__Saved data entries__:
= = = =

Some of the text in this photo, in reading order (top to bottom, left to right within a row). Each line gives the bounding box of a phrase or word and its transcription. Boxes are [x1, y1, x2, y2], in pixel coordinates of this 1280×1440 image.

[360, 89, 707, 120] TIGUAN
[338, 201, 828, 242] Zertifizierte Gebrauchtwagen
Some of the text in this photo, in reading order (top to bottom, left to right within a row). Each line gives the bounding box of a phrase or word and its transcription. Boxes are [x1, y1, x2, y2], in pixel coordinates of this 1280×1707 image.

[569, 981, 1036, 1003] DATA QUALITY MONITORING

= = = =

__Task brief__: Your answer must be the line holding "this 1280×1707 image." plus every later line to the end of the records, copied exactly.

__Your solution__:
Some of the text in this photo, in reading order (top to bottom, left to right within a row). Each line gives the bounding box of a phrase or word and its transcription. Boxes are [x1, y1, x2, y2], in pixel coordinates of this 1280×1707 image.

[569, 981, 1036, 1003] DATA QUALITY MONITORING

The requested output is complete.